While diversity training has existed in some form since the 1960s, Diversity, Equity, and Inclusion (DEI) really took off in 2020 with the George Floyd protests and subsequent conversations about racial justice. Whether it was through the use of lectures, trainings, or educational materials, DEI was supposed to have such lofty goals as creating awareness of diversity, reducing bias, fostering a culture of respect, and empower individuals from historically underrepresented groups.
It turns out that the theory behind DEI does not play out in practice. Earlier this month, a study released from the Network Contagion Research Institutes and Rutgers University (Jagdeep et al., 2024) found that DEI practices increased the likelihood of participants to be irrationally confrontational and antagonistic. This new study focused specifically on training that that emphasizes awareness of and opposition to "systemic oppression," which is a common topic from such lecturers as Ibram X. Kendi and Robin DiAngelo. The themes that run common in the anti-racist work that the researchers analyzed are as follows:
- White supremacy and racism are a systemic and nearly universal norm, mindset, or worldview.
- Normal institutions and Western ideologies are secretly enforcing racist agendas. White people are the intended beneficiaries.
- The universality of white supremacy agonizes people of color by virtue of endless hostile encounters.
- Western countries are compromised by virtue of their racist ideology and past.
- Anti-racist discrimination is the only solution to racist discrimination.

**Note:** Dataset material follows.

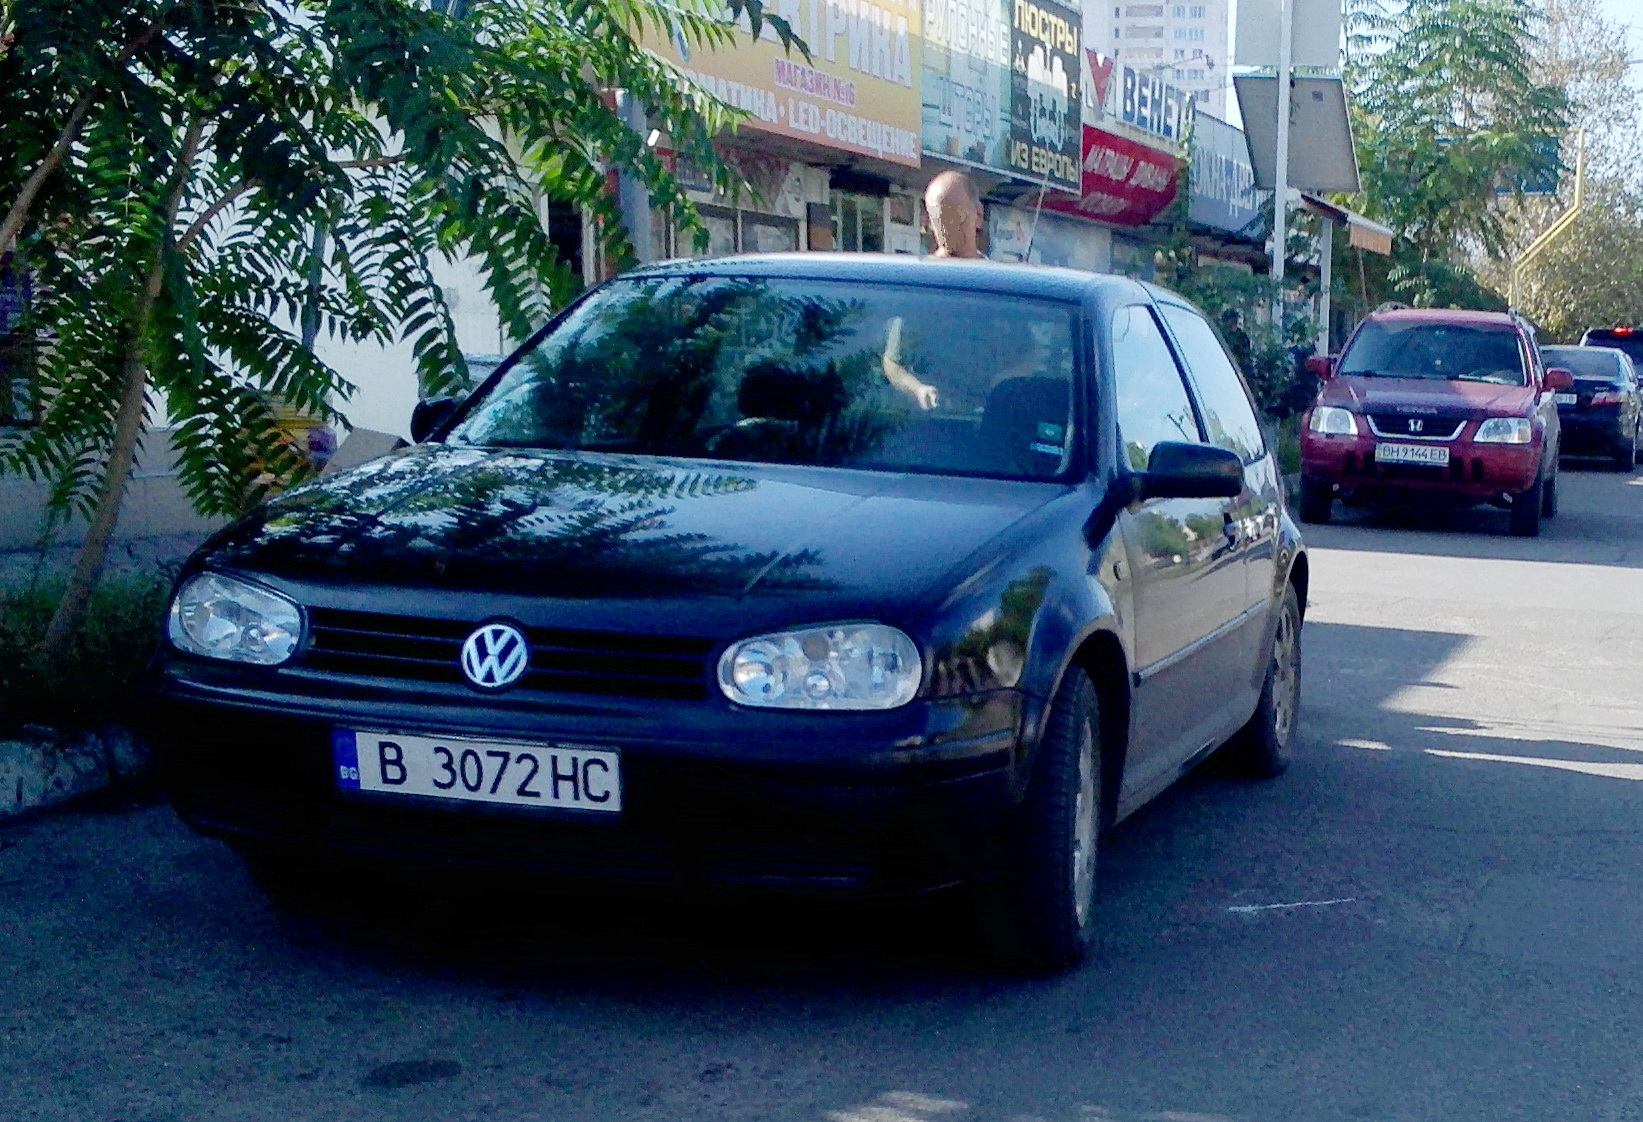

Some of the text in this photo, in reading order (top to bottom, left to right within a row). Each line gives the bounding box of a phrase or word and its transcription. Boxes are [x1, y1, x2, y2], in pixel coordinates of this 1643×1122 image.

What did the authors find? Across all groupings, the researchers found that instead of reducing bias, it engendered a "hostile attribution bias." This bias amplifies perceptions of bias where none existed, particularly when there is no evidence whatsoever of racism or discrimination (see below). This makes sense when you are told that racism lurks around every corner and is baked into our institutions. It explains why woke people cannot distinguish between correlation and causation when it comes to disparity.
Not only did participants experience increased hostility, but they were more likely to punish perceived perpetrators (see below), whether that came in the form of protesting people, demanding public apologies, or calling for people to relocate.
DEI training does not provide enhanced interracial interactions or camaraderie. There are baseless suspicions that encouraged punitive attitudes. What is even more alarming is that participants' levels of left-wing authoritarianism (LWA) predicted an increased willingness to punish and higher hostile attributions.
As the authors point out, this left-wing authoritarianism "may further create a culture of fear and rigidity instead of constructive change." No kidding! The negative effects of DEI do not surprise me. I first pointed this out in 2018 when analyzing the empirical literature on diversity training and how diversity training frequently backfires because focusing on race that much reinforces stereotypes rather than mitigates them.
When I recently praised Matt Walsh for exposing the DEI scam in his documentary Am I Racist? (see here and here), I pointed out how DEI uses identity politics to emphasize differences over similarities of our common humanity. Even worse, DEI focuses on assigning blame rather than constructive solutions, as is the case with reparations.
The anti-oppressive themes, elements, frameworks commonly used in modern-day mainstream DEI training that focus on victimhood and oppression are a scourge on society. As co-author Joel Finkelstein pointed out, they are bad ideas because they hurt people. Not only that, but they are prevalent, thereby exacerbating the effects. They create an unwarranted suspicion on our institutions, as is the case with the criminal justice system when there in fact is no systemic racism in criminal sentencing.
It keeps society obsessed with race rather than create a colorblind, post-racial society. It is divisive as can be with having people focused on race, gender, sexual orientation, or another aspect of identity politics rather than learning to get along with those who are different. Thankfully, such major companies as Wal-Mart, Lowes, and Boeing are realizing its negative effects and I hope more people wake up to its harms. Research on the effects of DEI is important and we need more research like it because DEI lacks empirical support. At that same time, it illustrates something so obvious that I do not need research to discern, which is that DEI is a plague on society that needs to be excised posthaste.